■ WHAT NEEDS TO BE DONE ■
Go through the entries below and retype them exactly, omitting each picture.

■ GIVEN ENTRIES ■
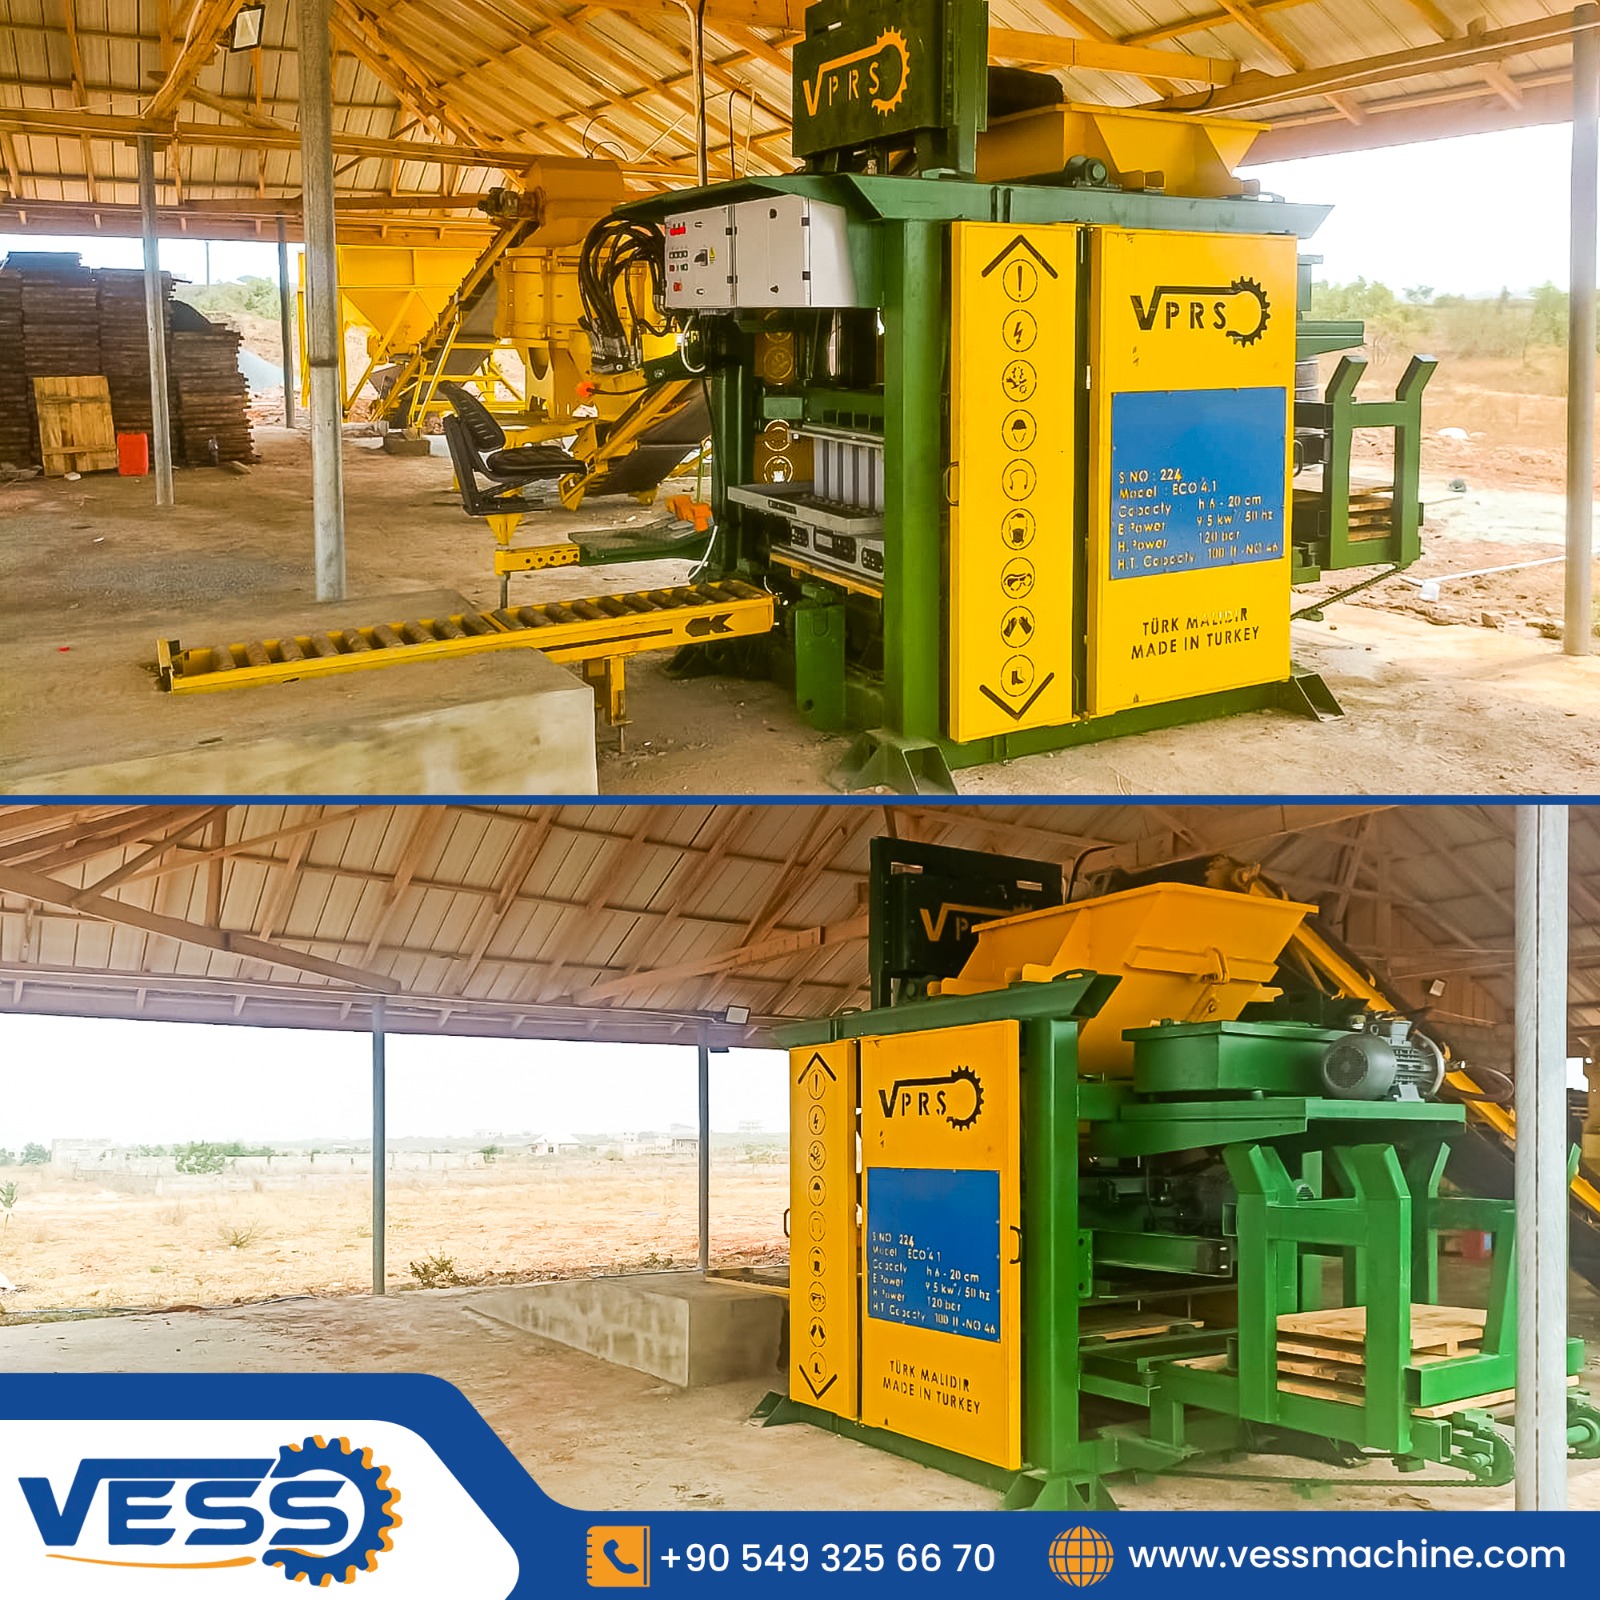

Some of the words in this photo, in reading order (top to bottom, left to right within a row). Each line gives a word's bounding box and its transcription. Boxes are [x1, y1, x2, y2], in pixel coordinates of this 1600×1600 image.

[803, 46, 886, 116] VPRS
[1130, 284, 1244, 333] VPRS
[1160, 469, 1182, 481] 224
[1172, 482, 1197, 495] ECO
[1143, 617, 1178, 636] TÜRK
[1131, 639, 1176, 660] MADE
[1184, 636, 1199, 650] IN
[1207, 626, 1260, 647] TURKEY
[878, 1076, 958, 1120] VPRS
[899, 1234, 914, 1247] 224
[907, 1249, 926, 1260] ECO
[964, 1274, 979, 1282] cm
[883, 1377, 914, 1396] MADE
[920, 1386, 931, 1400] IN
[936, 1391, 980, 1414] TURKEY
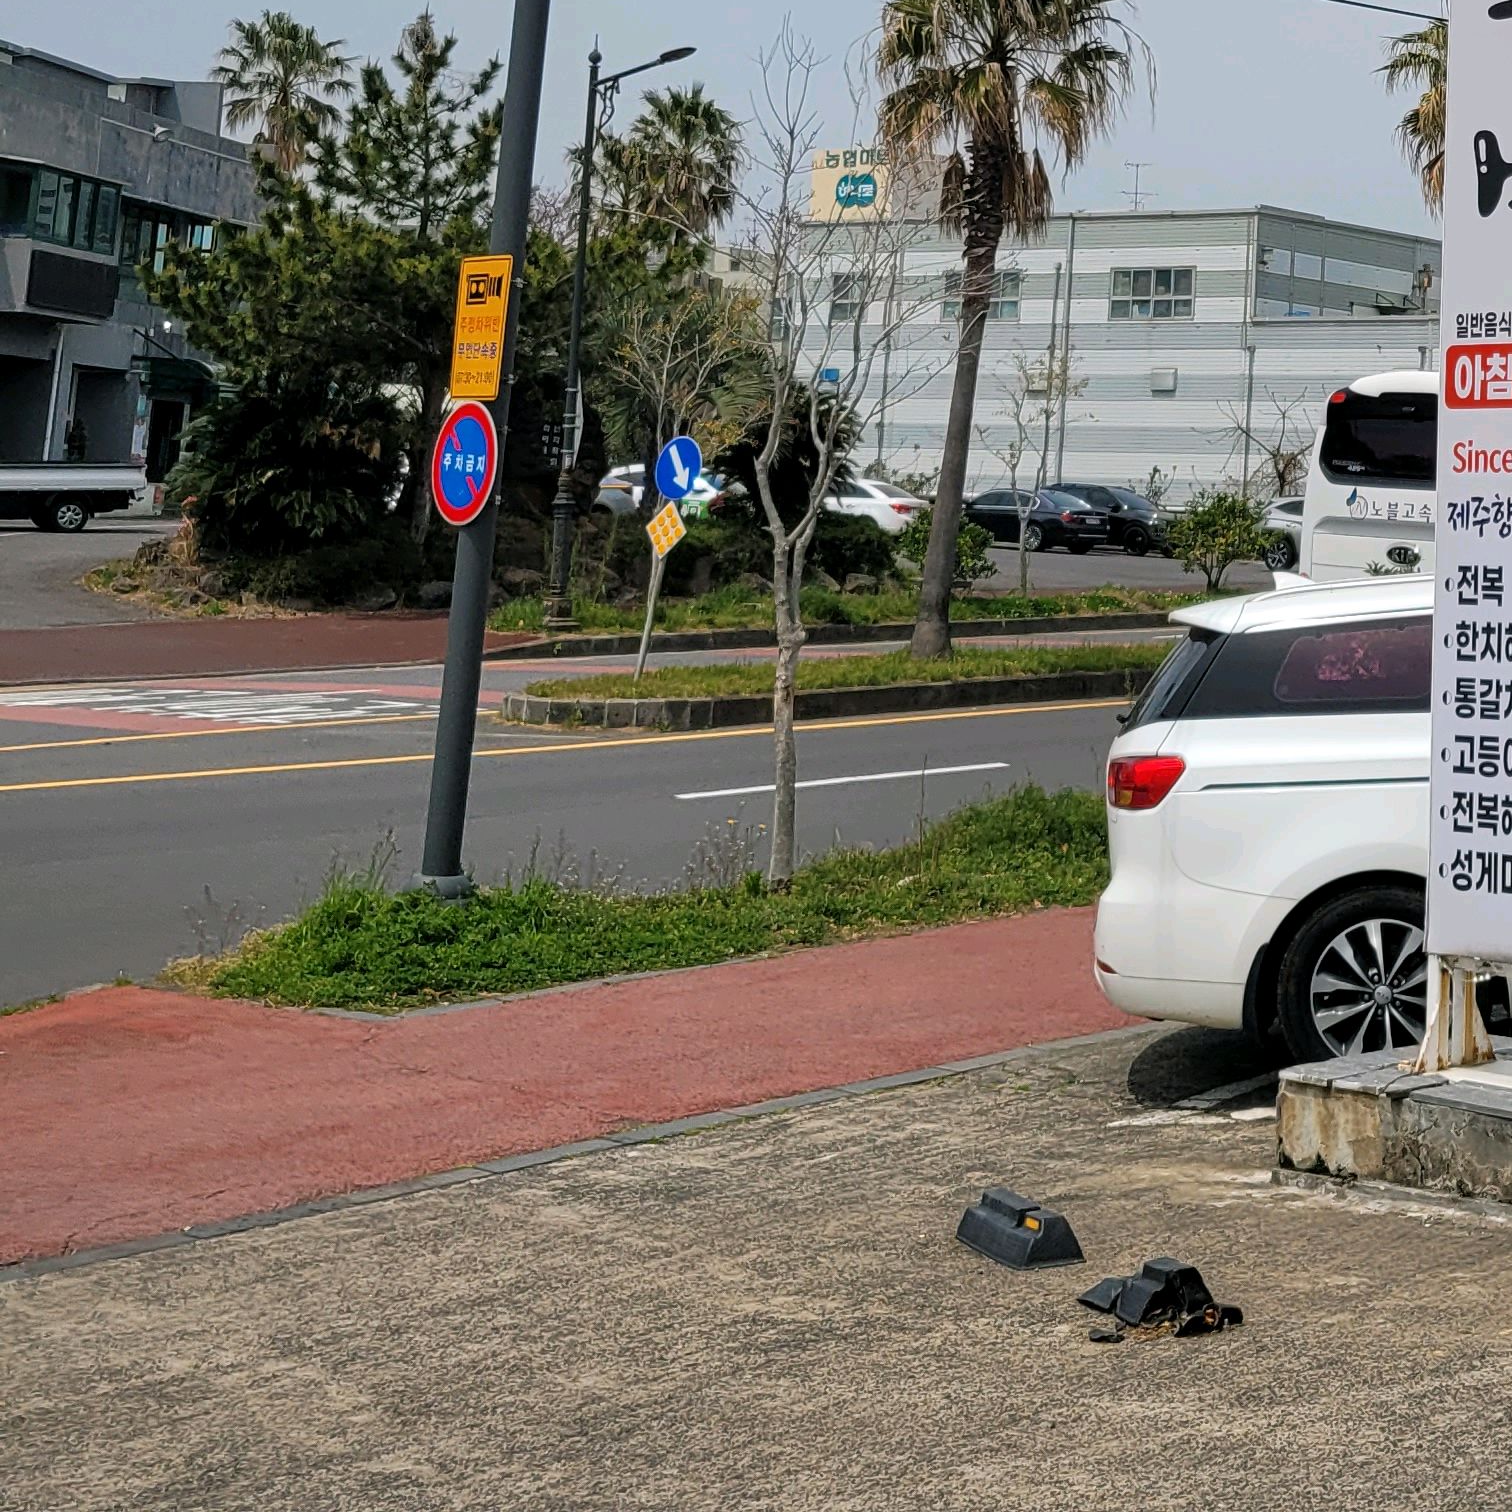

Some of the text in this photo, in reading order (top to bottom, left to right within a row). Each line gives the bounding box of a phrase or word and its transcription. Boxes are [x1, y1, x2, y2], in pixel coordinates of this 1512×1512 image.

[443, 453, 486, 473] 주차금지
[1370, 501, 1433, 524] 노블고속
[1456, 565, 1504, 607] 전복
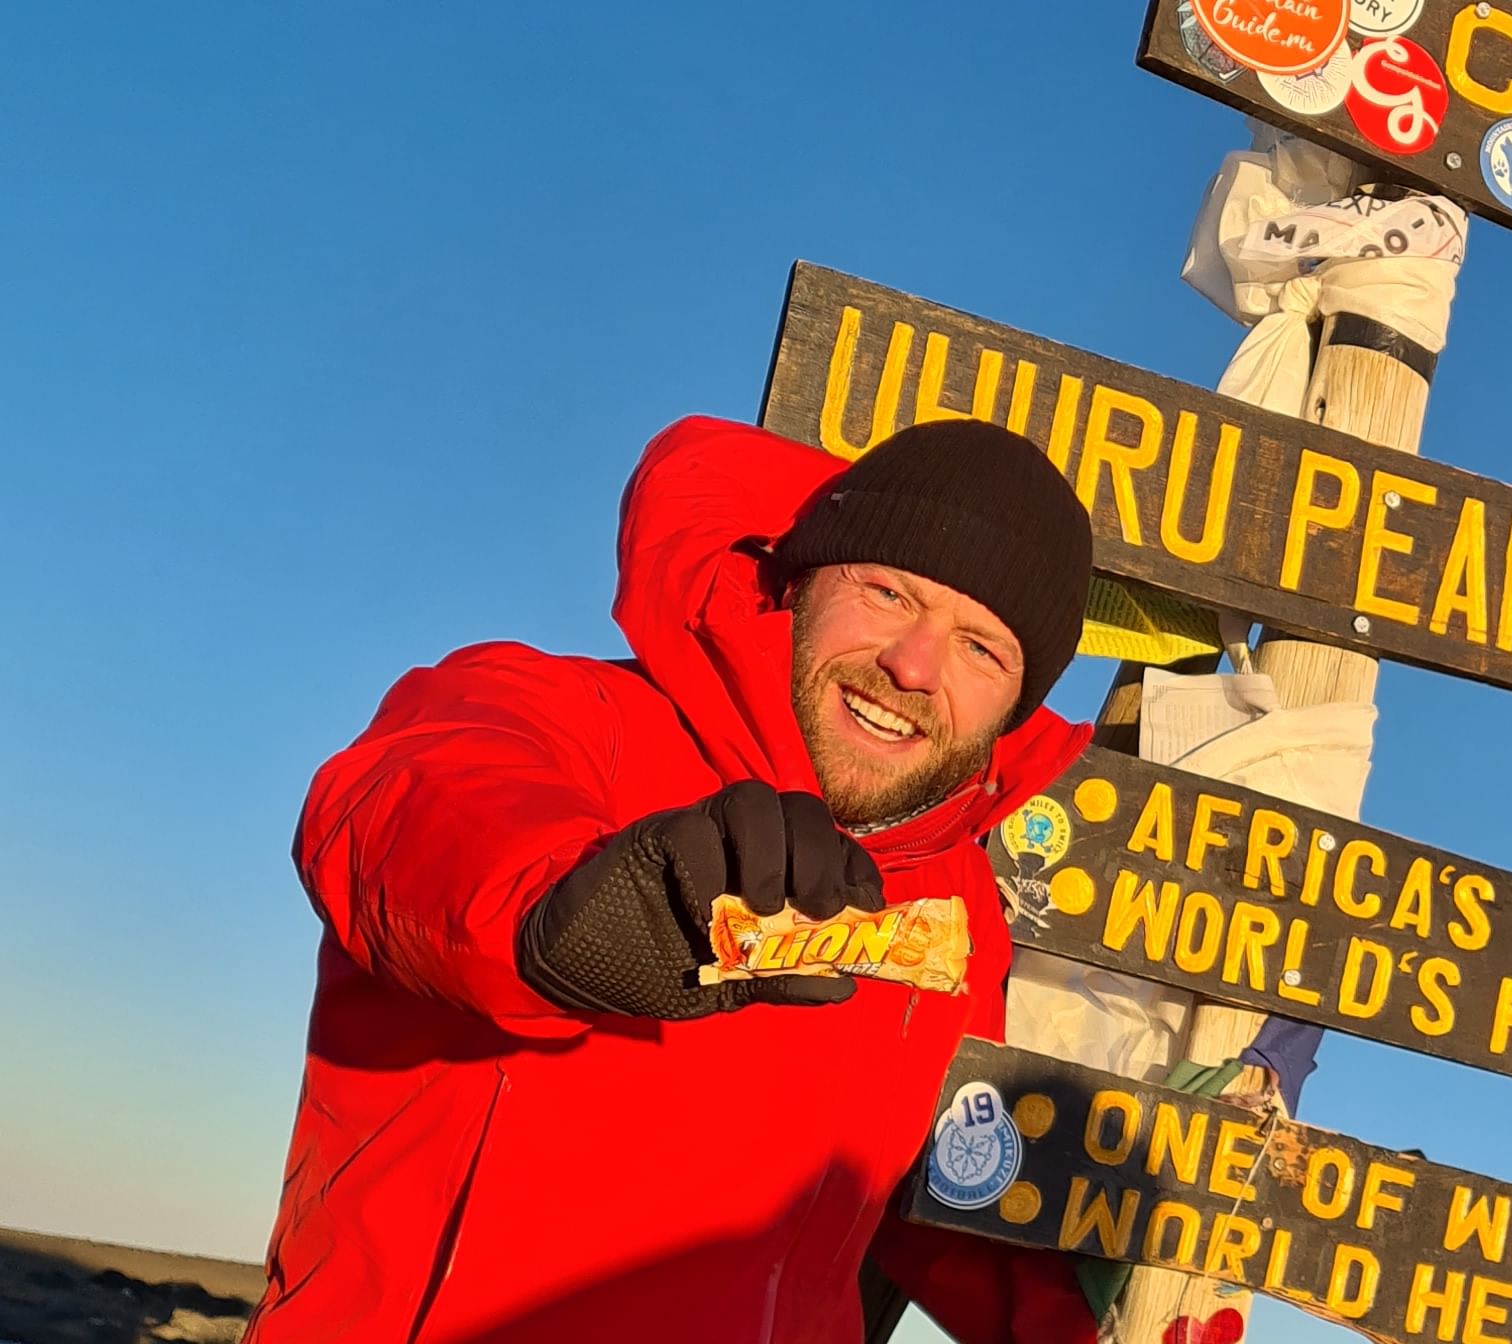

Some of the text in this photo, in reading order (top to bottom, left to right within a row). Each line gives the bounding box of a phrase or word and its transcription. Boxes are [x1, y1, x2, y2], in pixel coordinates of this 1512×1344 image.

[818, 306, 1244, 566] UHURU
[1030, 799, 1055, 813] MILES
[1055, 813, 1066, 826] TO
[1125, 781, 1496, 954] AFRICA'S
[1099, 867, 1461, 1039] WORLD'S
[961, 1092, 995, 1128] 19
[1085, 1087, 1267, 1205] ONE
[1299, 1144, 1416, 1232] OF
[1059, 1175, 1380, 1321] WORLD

■ YOUR SOLUTION ■
Some of the words in this photo, in reading order (top to bottom, left to right within a row). Each line gives a word's bounding box and its transcription. Boxes are [x1, y1, x2, y2], in pixel coordinates of this 1600×1600 image.

[803, 46, 886, 116] VPRS
[1130, 284, 1244, 333] VPRS
[1160, 469, 1182, 481] 224
[1172, 482, 1197, 495] ECO
[1143, 617, 1178, 636] TÜRK
[1131, 639, 1176, 660] MADE
[1184, 636, 1199, 650] IN
[1207, 626, 1260, 647] TURKEY
[878, 1076, 958, 1120] VPRS
[899, 1234, 914, 1247] 224
[907, 1249, 926, 1260] ECO
[964, 1274, 979, 1282] cm
[883, 1377, 914, 1396] MADE
[920, 1386, 931, 1400] IN
[936, 1391, 980, 1414] TURKEY

Some of the text in this photo, in reading order (top to bottom, left to right within a row). Each line gives the bounding box of a phrase or word and its transcription. Boxes are [x1, y1, x2, y2], in pixel coordinates of this 1512×1512 image.

[443, 453, 486, 473] 주차금지
[1370, 501, 1433, 524] 노블고속
[1456, 565, 1504, 607] 전복

Some of the text in this photo, in reading order (top to bottom, left to right within a row). Each line gives the bounding box of a phrase or word and its transcription. Boxes are [x1, y1, x2, y2], in pixel coordinates of this 1512×1344 image.

[818, 306, 1244, 566] UHURU
[1030, 799, 1055, 813] MILES
[1055, 813, 1066, 826] TO
[1125, 781, 1496, 954] AFRICA'S
[1099, 867, 1461, 1039] WORLD'S
[961, 1092, 995, 1128] 19
[1085, 1087, 1267, 1205] ONE
[1299, 1144, 1416, 1232] OF
[1059, 1175, 1380, 1321] WORLD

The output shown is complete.